The second legacy of the classical tradition is, in some ways, more useful. Its main emphasis is descriptive – an attempt to draw out the empirical variety of social groupings and testify to their distinctiveness – and Weberian writers have led the way here. Weber himself recognised the diversity of people in intermediate social positions, and suggested that there were four distinct social classes: between the working class and capitalist class was a petite bourgeoisie and a class of propertyless intelligentsia and specialists (Weber 1978: 302–7). Weberian writers ever since have specialised in producing other class schemas, many of which emphasise the diversity of intermediate social classes and groups.
The problem with such work is simply that it does not explain why these descriptive groupings have emerged. Much Weberian writing in this area shelters behind extended definitions and descriptive categories rather than providing a rigorous attempt to explain processes of social class inequality. The exception to this, within the Weberian tradition, is among those who have attempted to develop Weber’s theory of‘social closure’ to give a fuller understanding of the processes by which groups might be able to achieve a specific position in society through processes of exclusion and inclusion (Parkin 1979; Murphy 1988). Social closure works through one group restricting access to a certain prized good or service, so enhancing its own position at the expense of other social groups.

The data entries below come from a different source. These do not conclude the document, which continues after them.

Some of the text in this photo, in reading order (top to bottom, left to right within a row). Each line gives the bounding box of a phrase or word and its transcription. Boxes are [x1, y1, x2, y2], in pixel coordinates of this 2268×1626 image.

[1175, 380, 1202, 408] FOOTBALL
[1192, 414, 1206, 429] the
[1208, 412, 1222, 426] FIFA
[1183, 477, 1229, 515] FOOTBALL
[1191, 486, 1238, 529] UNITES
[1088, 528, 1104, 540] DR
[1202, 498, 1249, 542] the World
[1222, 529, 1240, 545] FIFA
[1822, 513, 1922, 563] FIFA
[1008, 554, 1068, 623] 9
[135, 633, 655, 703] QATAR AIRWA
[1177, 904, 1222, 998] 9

Parkin’s advocacy of the idea of social closure has led to a considerable interest in the processes by which certain groups may carve out privileged positions for themselves. However, its explanatory value remains more doubtful. This is because it is not clear why some groups are able to engage in successful social closure and others are not. Why are doctors typically able to engage in effective struggles to close their profession from outsiders, but school teachers, for instance, are not? Insofar as this question can be addressed within closure theory the usual response is to examine the types of resources which specific groups can bring to help their closure strategies. Anne Witz, for instance, has shown how medical men were able to draw upon patriarchal gendered resources in order to enhance their professional projects in Victorian Britain (Witz 1991). This sort of argument, however, soon begins to deploy explanatory concepts that are outside the remit of closure theory itself – in Witz’s case, the concept of patriarchy, for instance.

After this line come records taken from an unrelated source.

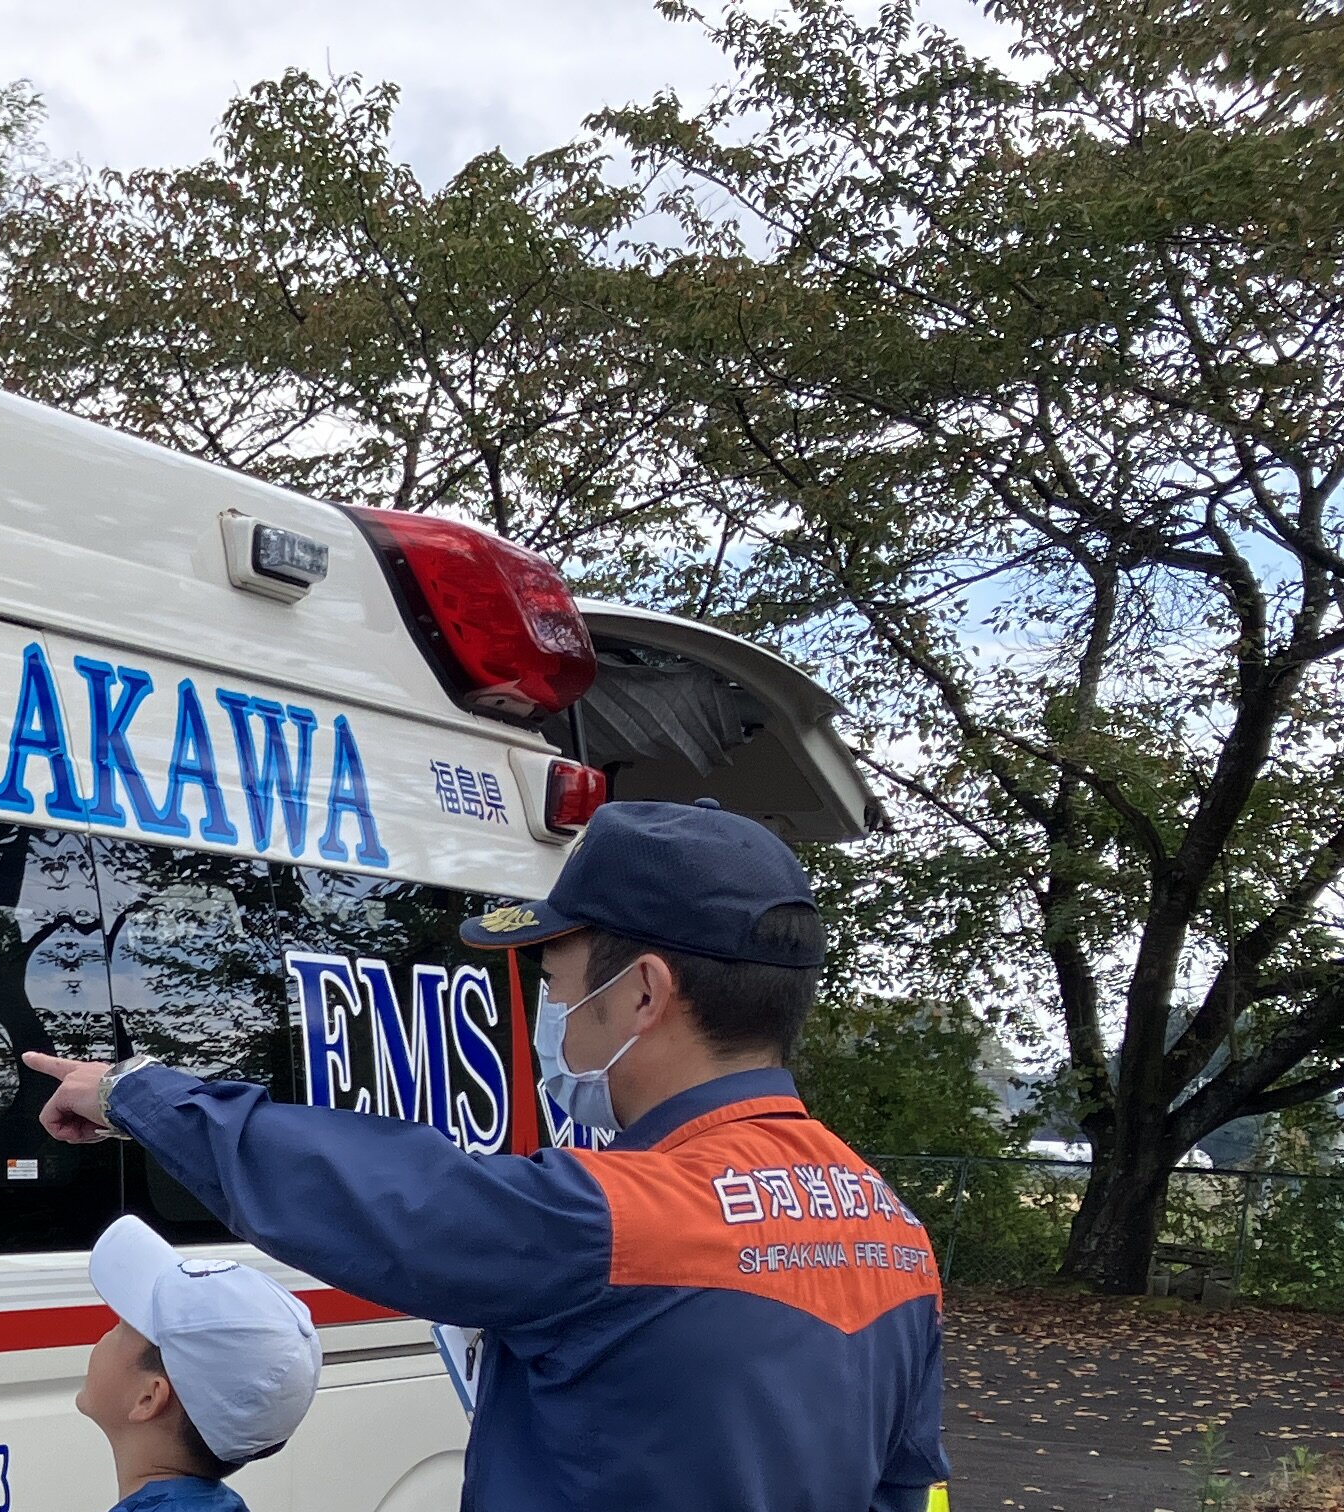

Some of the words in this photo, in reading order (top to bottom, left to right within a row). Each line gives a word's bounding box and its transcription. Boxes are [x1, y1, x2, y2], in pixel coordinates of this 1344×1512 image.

[429, 758, 510, 825] 福島県
[285, 950, 510, 1156] EMS
[738, 1242, 849, 1274] SHIRAKAWA
[854, 1243, 889, 1269] FIRE
[893, 1245, 934, 1278] DEPT.

Social closure may then be a useful way of showing how specific groups are able to achieve middle-class positions, but it is not especially helpful in showing why they are able to do so. It offers no systematic way of explaining why certain people are able to achieve middle-class position. We therefore turn to the third legacy of the classical tradition, which argues that the middle classes are best seen as distinct social classes in their own right. This, we argue, is the most helpful way to proceed out of the impasse left by classical theory.

What are Social Classes?

The third legacy of classical stratification theory argues that the middle classes should be seen as social classes in their own right, rather than as simple functionaries, or intermediate groups. The precise status of the claim that a particular group forms a social class is, of course, hotly contested, since the concept of social class is one of the most controversial in the social sciences (e.g. Calvert 1982; Furbank 1985). Our view on this matter is presented and defended in Appendix 1, which can usefully be consulted at this point by any reader wishing to discover the more general theoretical orientation of our work. Since, however, the primary concern of this book is to throw light on the middle classes, and because the debate on class analysis has become so esoteric and purely technical that it is now largely only of interest to specialists, we content ourselves here with presenting only the basic features of our approach.

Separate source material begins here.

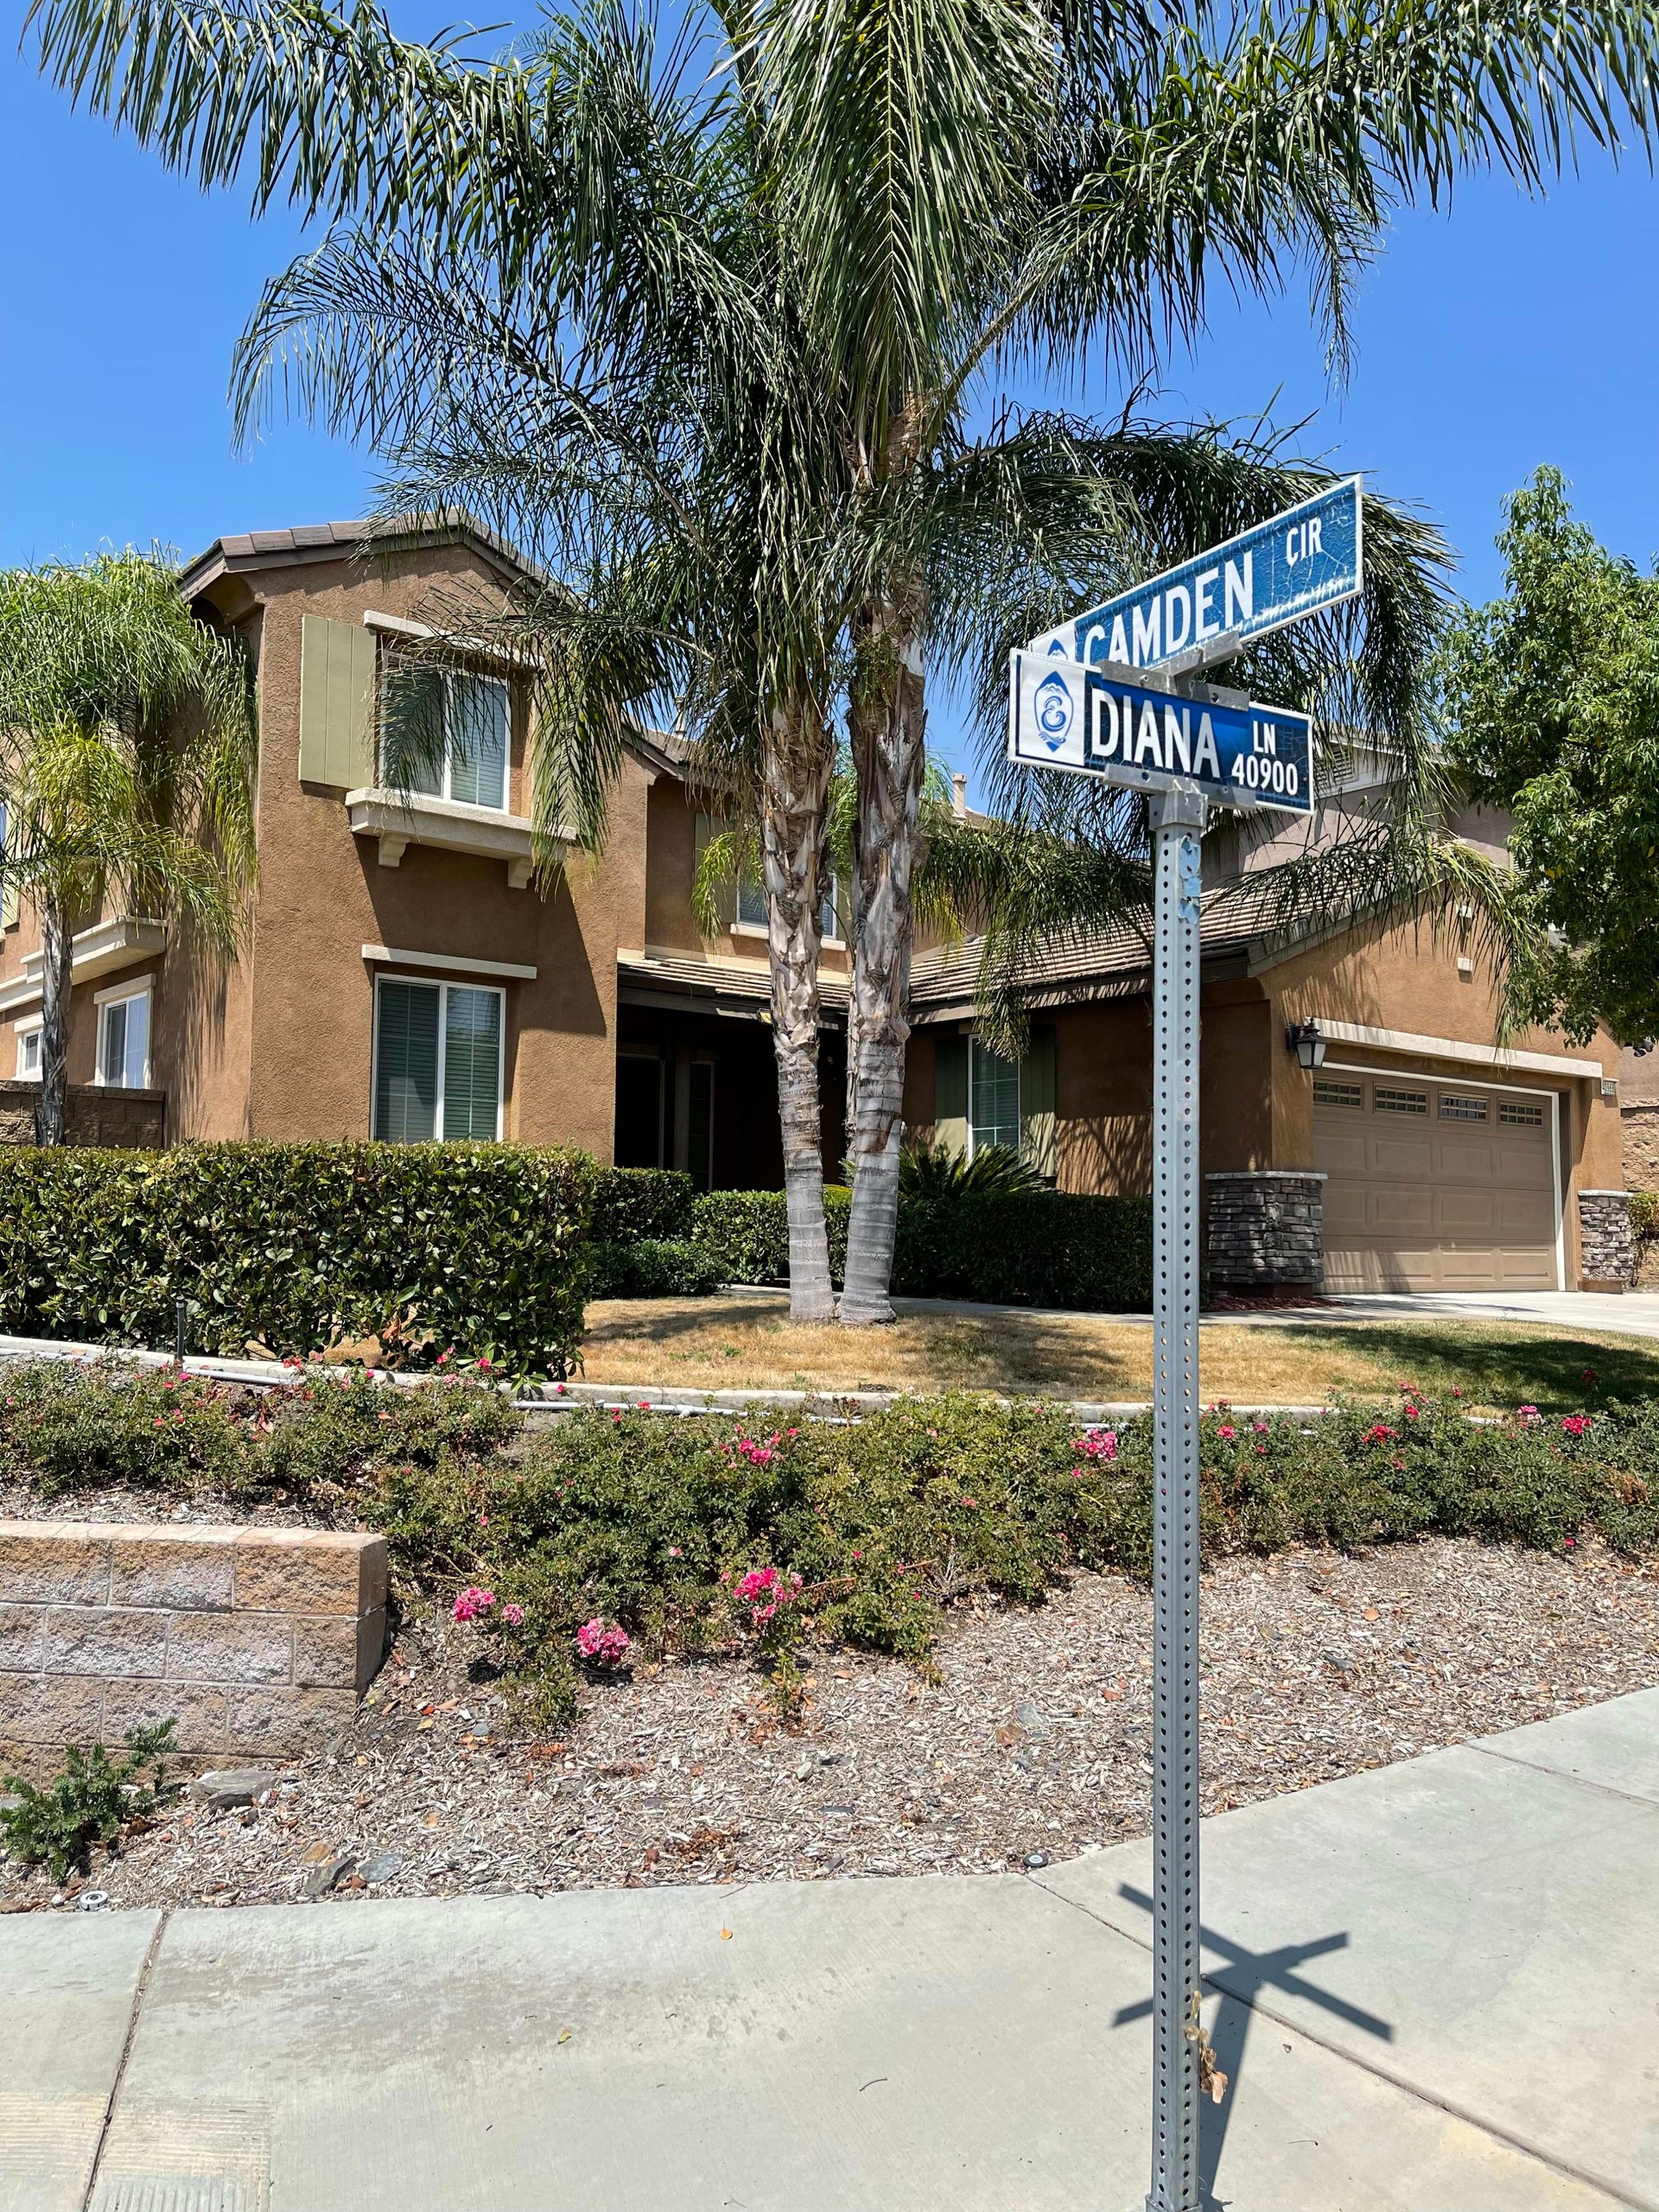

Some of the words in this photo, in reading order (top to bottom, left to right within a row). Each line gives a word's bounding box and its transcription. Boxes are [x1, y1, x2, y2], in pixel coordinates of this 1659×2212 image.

In our view social classes are first and foremost stable social collectivities. They are groups of people with shared levels of income and remuneration, lifestyles, cultures, political orientations and so forth. This is why they are interesting to social scientists, since by being social collectivities they are able to engage in social action and so have an impact on social change. The concept of social class is not, therefore, best seen as a classificatory device by which people are slotted into specific social classes on the basis of a given trait such as occupation, but is primarily concerned with the issue of class formation.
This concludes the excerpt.